Conrad Black: I renounced Order of Canada last year
Former press baron protested lack of hearing to Gov. Gen. David Johnston
Fallen newspaper magnate Conrad Black says he can’t be stripped of his Order of Canada because he renounced it as of December of last year.
In column in the National Post, Montreal-born Black reprints a letter he wrote Dec. 18 to Gov. Gen. David Johnston asking him to consider reversing the recommendations of staff who denied him a hearing over his Order of Canada status.
I learned long ago that honours do not make a man, any more than the withdrawal of honours unmakes one- Conrad Black in the National Post
The 11-member advisory council for the Order made the removal recommendation to Johnston late Friday, citing Black’s conviction for fraud and obstruction of justice in the United States.
Black was made an officer of the Order of Canada in 1990.
“Perhaps it is inevitable that given a little power and no accountability, some officials will be unable to resist the excitement of using it arbitrarily and spitefully,” Black said in the letter to Johnston.
“There is nothing before those officials that could give legitimate cause for denying my status had they seriously examined the matter,” he said, claiming that “flaws in the U.S. justice system” were responsible for his conviction on two counts being upheld.
“If you decline to have any suspensive aspect to the issue, please accept this letter as my resignation as an Officer of the Order of Canada effective on your receipt of this letter,” Black tells Johnston, in effect renouncing the honour if the Governor General does nothing.
'Prancing figurines'
In his column, Black refers to Johnston’s advisers as “prancing figurines in the governor general’s entourage” claiming they do “not wish to be confused by the facts.”
He then claims that he would never have been found guilty in a Canadian court of “such spurious charges as I faced in the United States.”
Black was convicted of three counts of fraud and one count of obstruction of justice in a U.S. court in 2007 after a shareholder-initiated prosecution involving Hollinger International, his newspaper holding company.
Black served 37 months of a 42-month sentence in a Florida prison, but two of the fraud convictions were overturned in 2010 by a U.S. Appeals Court.
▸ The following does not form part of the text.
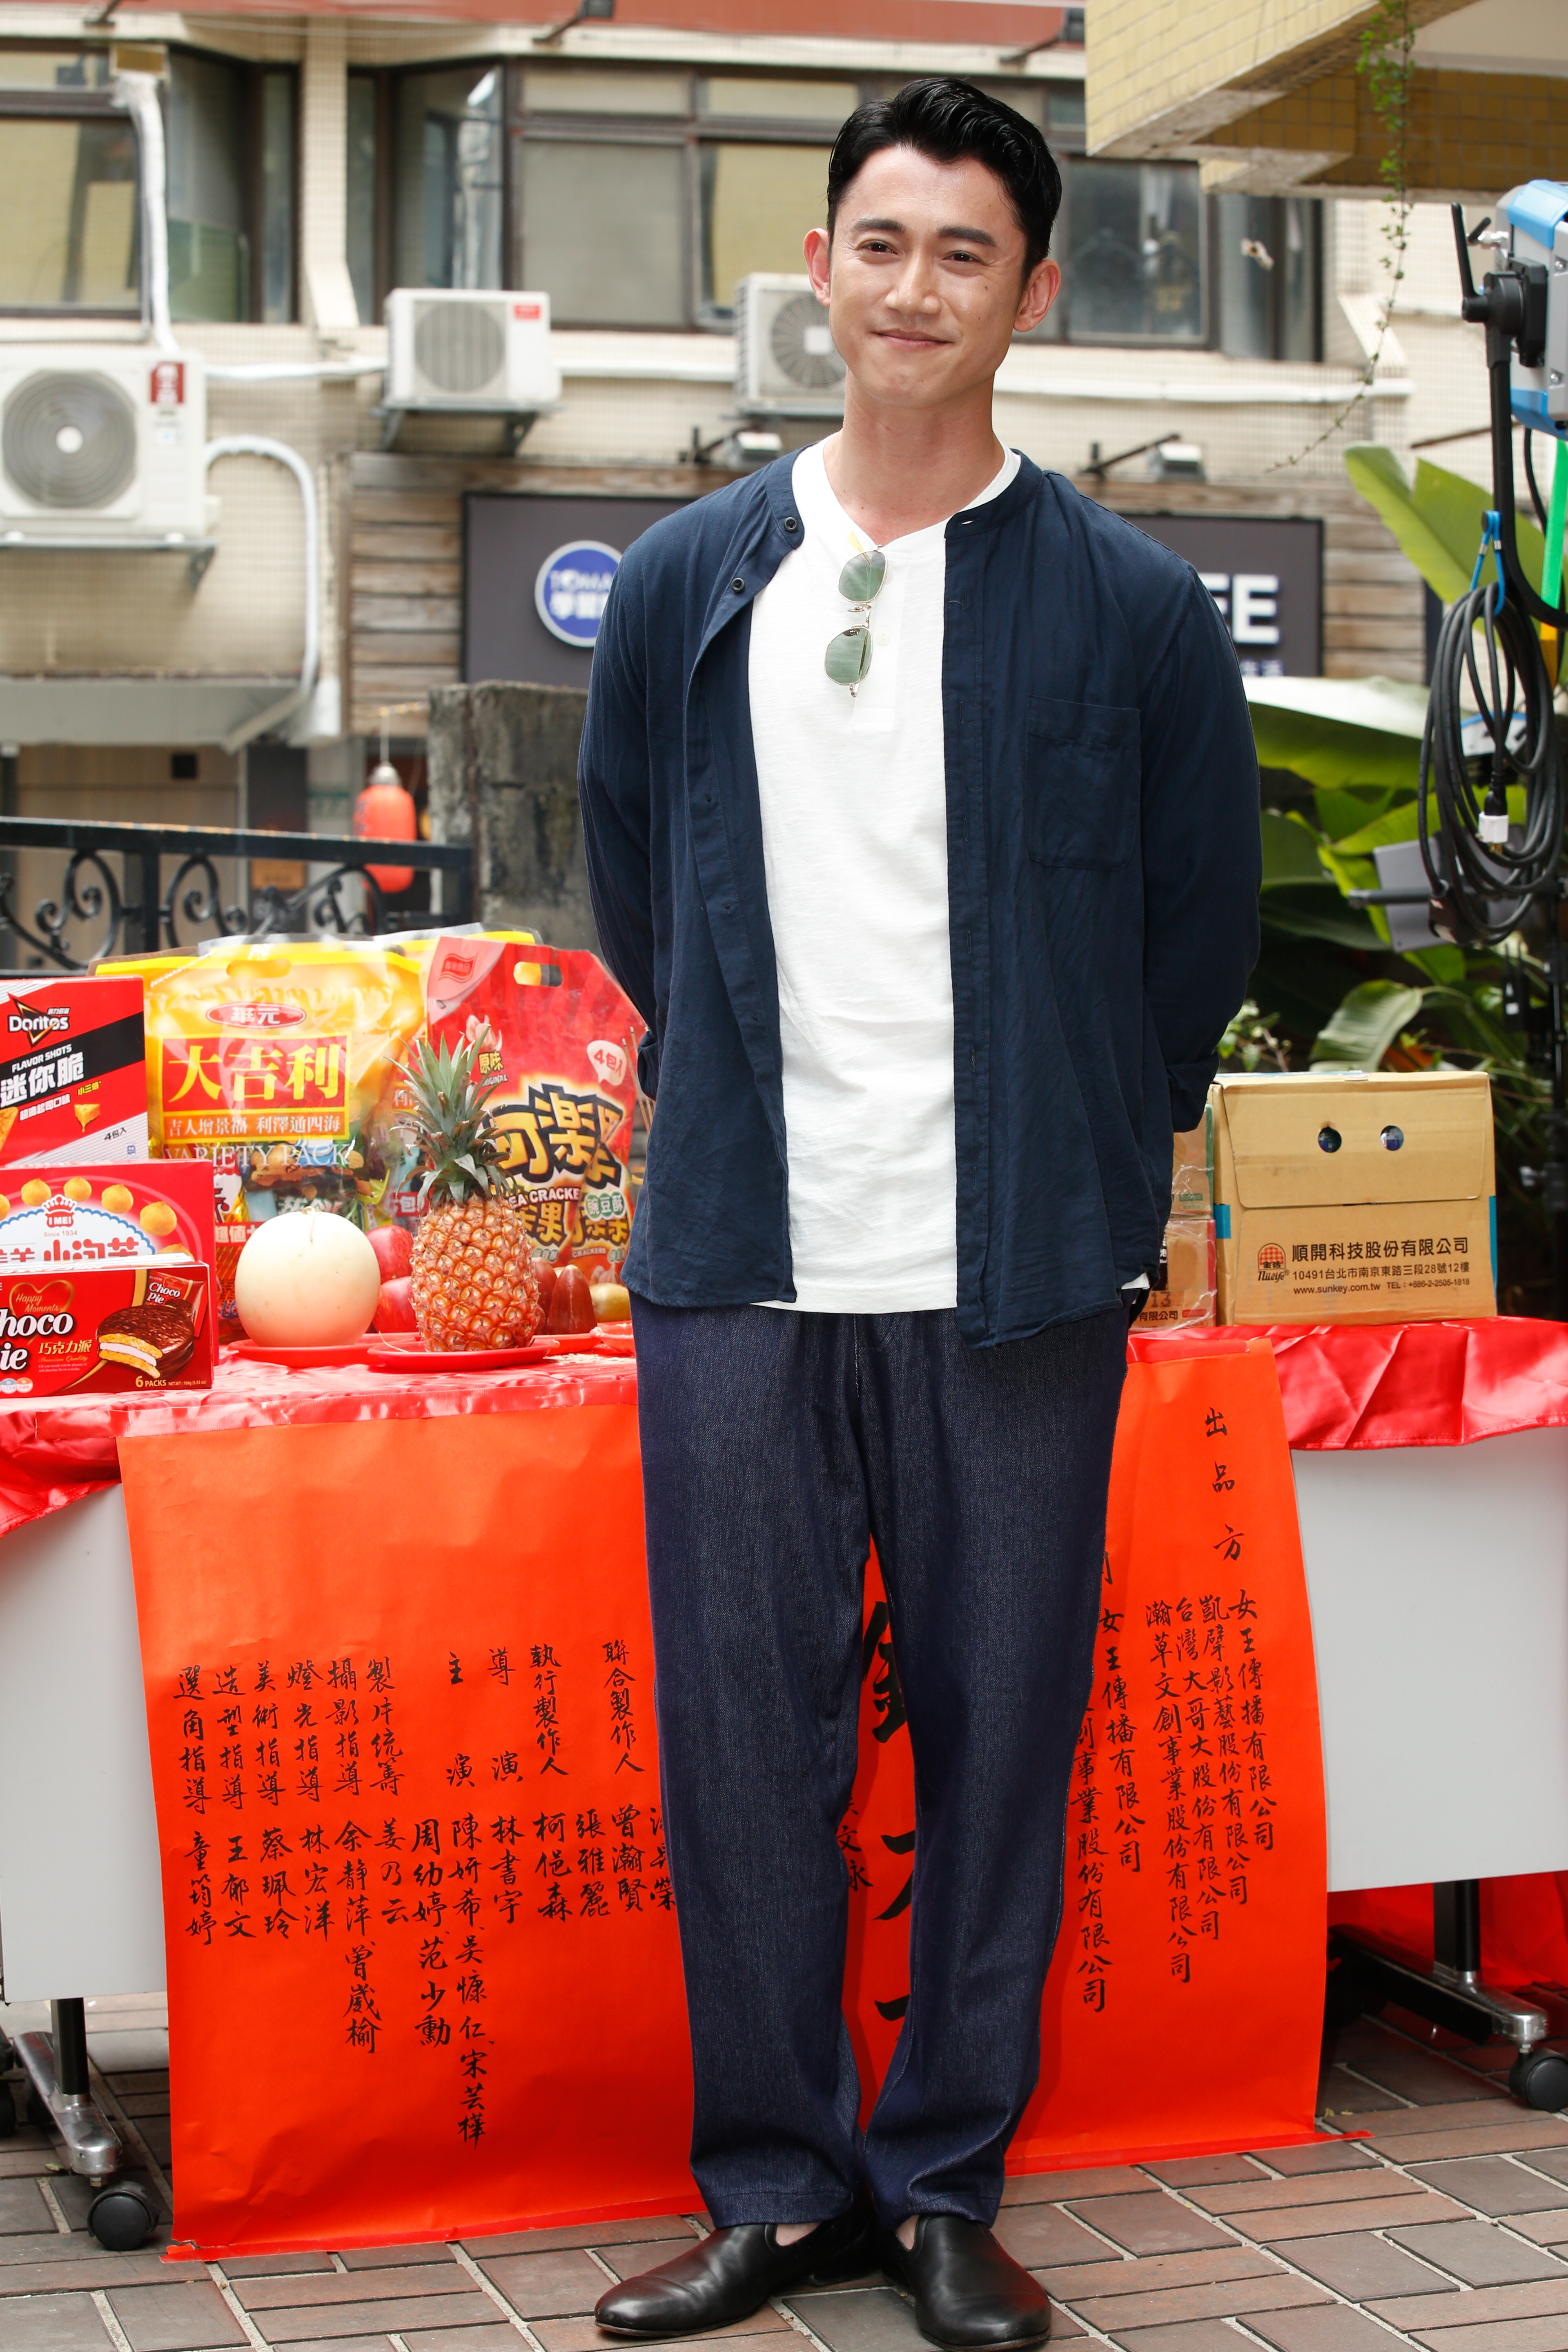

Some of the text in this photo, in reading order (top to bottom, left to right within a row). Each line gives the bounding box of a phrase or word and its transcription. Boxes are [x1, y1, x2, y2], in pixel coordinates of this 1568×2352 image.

He fought a legal battle to overturn the remaining convictions but the Supreme Court would not grant him leave to appeal.
He has been in Canada since May 2012 under a special temporary permit given that he is no longer a citizen, having renounced his citizenship in 2001 so he could accept a peerage in the British House of Lords.
Black declared in his column that he doesn’t care about being stripped of his Order of Canada.
“I learned long ago that honours do not make a man, any more than the withdrawal of honours unmakes one,” he wrote.